Home / Settings / Manual / History / Download / Links / Forum

 
1. Introduction

The Bayesian Plugin is a semi-intelligent solution for recognising Spam. Over time, it learns from incoming email messages and the words they contain, marking each word with a "spam" & a "clean" probablility. It filters emails based on these probabilities producing an overall score for the whole email.

2. Filtering Process

  • Each word in the incoming email is scored based on its occurence in previous emails.
    • A word that has only appeared in emails that have been classified as spam would have a ratio value of 0.99
    • A word that only appears in clean email receives a ratio of 0.0
    • Any unknown word is given a default value of 0.2
  • The top #Word Count scoring ( abs(ratio - 0.5) ) words are found
  • The ratios of these words are combined:
     
    spamratio = ratio_1 * ratio_2 * ... * ratio_wordcount
    cleanratio = (1 - ratio_1) * (1 - ratio_2) * ... * (1 - ratio_wordcount)
    score = 100 * spamratio / (spamratio + cleanratio)
     
  • A decision is made whether the email is spam or clean based on this score (A score higher than Spam Threshold is spam).
  • Every email is marked with:
    X-Bayesian-Result: Spam / Clean
    X-Bayesian-Words: advert 0.9900001 bread 0.483210 credit 0.9900001 ...
    
3. Postprocessing
  • Each word in the current email is added to the database of known clean/spam words (dependant on the Learning Threshold and the Spam Threshold ).
     
    if(score > learningthreshold) total_number_of_spam_words++
    if(score < spamthreshold) total_number_of_clean_words++
    spamratio = occurences / total_number_of_spam_words
    cleanratio = occurences / total_number_of_clean_words
    new_word_ratio = 100 * spamratio / (spamratio + cleanratio)
     
    If the word has a score between Spam Threshold and Learning Threshold (not definitely spam and not definitely clean) it is not added to the database.
4. Plugin Window
  • Select "Plugins" -> "Bayesian Filter" from the "right-click" menu on the SpamPal tray icon (The umbrella near the Taskbar Clock)
    Each email that is processed by the plugin is copied here (only for the current SpamPal session) so that they can be reclassified if necessary. A red icon means the email was classified as spam, as green one means clean.
    Functionality of the buttons:
    • Spam
      Mark the currently selected emails as spam
    • Clean
      Mark the currently selected emails as clean
    • Selected
      Remove the currently selected emails
    • All
      Remove all emails
5. Configuration Options
  • Thresholds
    • Spam Threshold
      Increasing this reduces the number of false classifications, decreasing it makes the filter think more email should be tagged as spam.
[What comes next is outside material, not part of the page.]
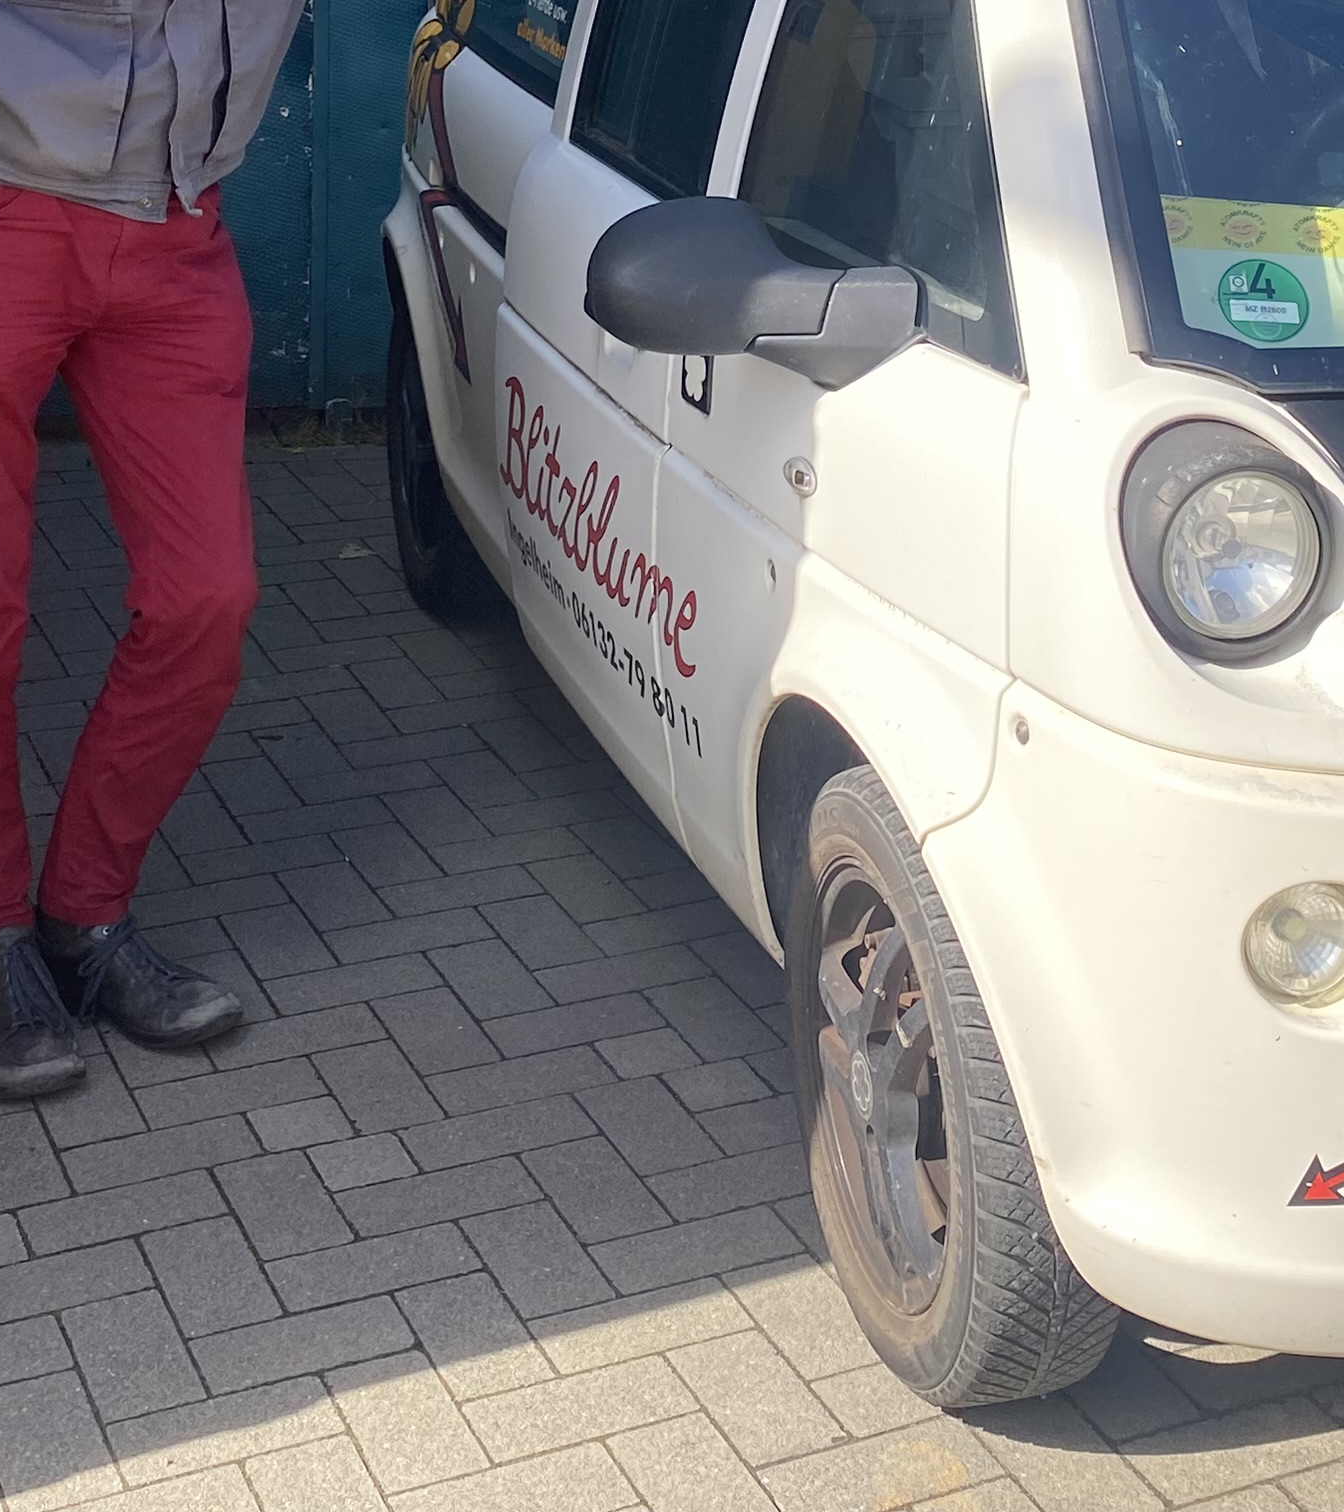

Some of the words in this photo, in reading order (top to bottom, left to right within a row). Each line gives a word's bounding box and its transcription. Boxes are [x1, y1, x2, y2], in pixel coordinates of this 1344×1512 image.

Any word with a ratio below this threshold is considered a clean word.
      Default value 90
    • Learning Threshold
      Any word with a ratio greater than or equal to this is added to the database classed as spam.
      Default value 99
    • Limit message processing
      Only process the first part of an email (see "Amount of message to process")
    • Amount of message to process (kb)
      Limit the amount of an individual email that is processed. Set this to avoid timeouts when the plugin can take too long when processing large emails.
  • Words
    • Word Count
      The number of significant words examined during classification of an email.
      Fewer words checked means the filter is more "trigger-happy", more words checked would mean more spam words would be needed to be present for an email to be classified as spam.
      Default value 10
    • Min/Max word length
      Set the minimum and maximum size of word that is used during filtering
    • Word expiry
      Every word is tagged with the time it was last encountered. This threshold ensures that words that haven't occurred recently are removed from the database.
      If a word has not appeared for X days (word expiry), the number of times the word has appeared (spam & clean) is decremented once per day until they reach zero. When they both reach zero the word is removed from the database.
    • Minimum word occurence for filtering
      Sets the minimum number of times a word has to appear before it is used in filtering. A low setting will make the plugin more "trigger-happy", letting it mark emails based on less data.
    • Incoming words are case-sensitive
      If unselected, all new email will be converted to lower case before filtering
  • Options
    • Create log file
      Turns on/off logging
    • Learn (don't mark spam)
      The plugin will do everything it normally does except it does not mark an email as spam. This has the effect of letting the filter "learn" your email without inital period that may make it mark a lot of email as spam before it "knows" your email.
      Don't forget to turn this option off when you think the filter has seen enough of your email ;-)
    • Assume whitelisted email is clean
      Selecting this means that the plugin will score any whitelisted email as zero, i.e. perfectly clean.
    • Learn from whitelisted emails
      Whether words found in whitelisted emails are added to the database (Use in conjunction with the above).
      Example: You may be subscribed to a mailing list about spam (containing words that would be scored as spam) that you have whitelisted. If whitelisted email is considered clean then the words in these emails would be added to the database as clean. This option allows you to stop that happening.
    • Include headers in filtering
      Select this if you want to include all the emails headers in the Bayesian filtering.
    • Add "X-Bayesian-Words" header
      Option whether to add the "X-Bayesian-Words" header that lists the interesting words that were found (and their scores). n.b The "X-Bayesian- Result" header will always be added.
    • Learn from SpamPal and other plugins
      If selected, the plugin will learn using results from SpamPal and all other enabled plugins
  • Ignore
    Maintenance of the list of words that the plugin will ignore.
    Functionality of the buttons:
    • Add
      Add the word from the edit box into the list
    • Remove
      Remove the selected words
    • Remove all
      Empty the list
    • Reset
      Revert back to the state of the list before the configuration window was opened
    • Default
      Load the default ignore words
  • Import
    These functions act as if the files were received as email. If the file(s) that are imported are not complete email messages the results are not guaranteed.
    • Import directory into database as spam/clean
      Imports all files in a directory into the database
  • Miscellaneous
    • Language
      Choose the language you wish the plugin to use.
6. Files
  • Configuration
    The default files are held in the plugin directory (e.g. C:\Program Files \SpamPal\plugins\Bayesian) and should not be changed. There is a "user" copy in your SpamPal configuration directory.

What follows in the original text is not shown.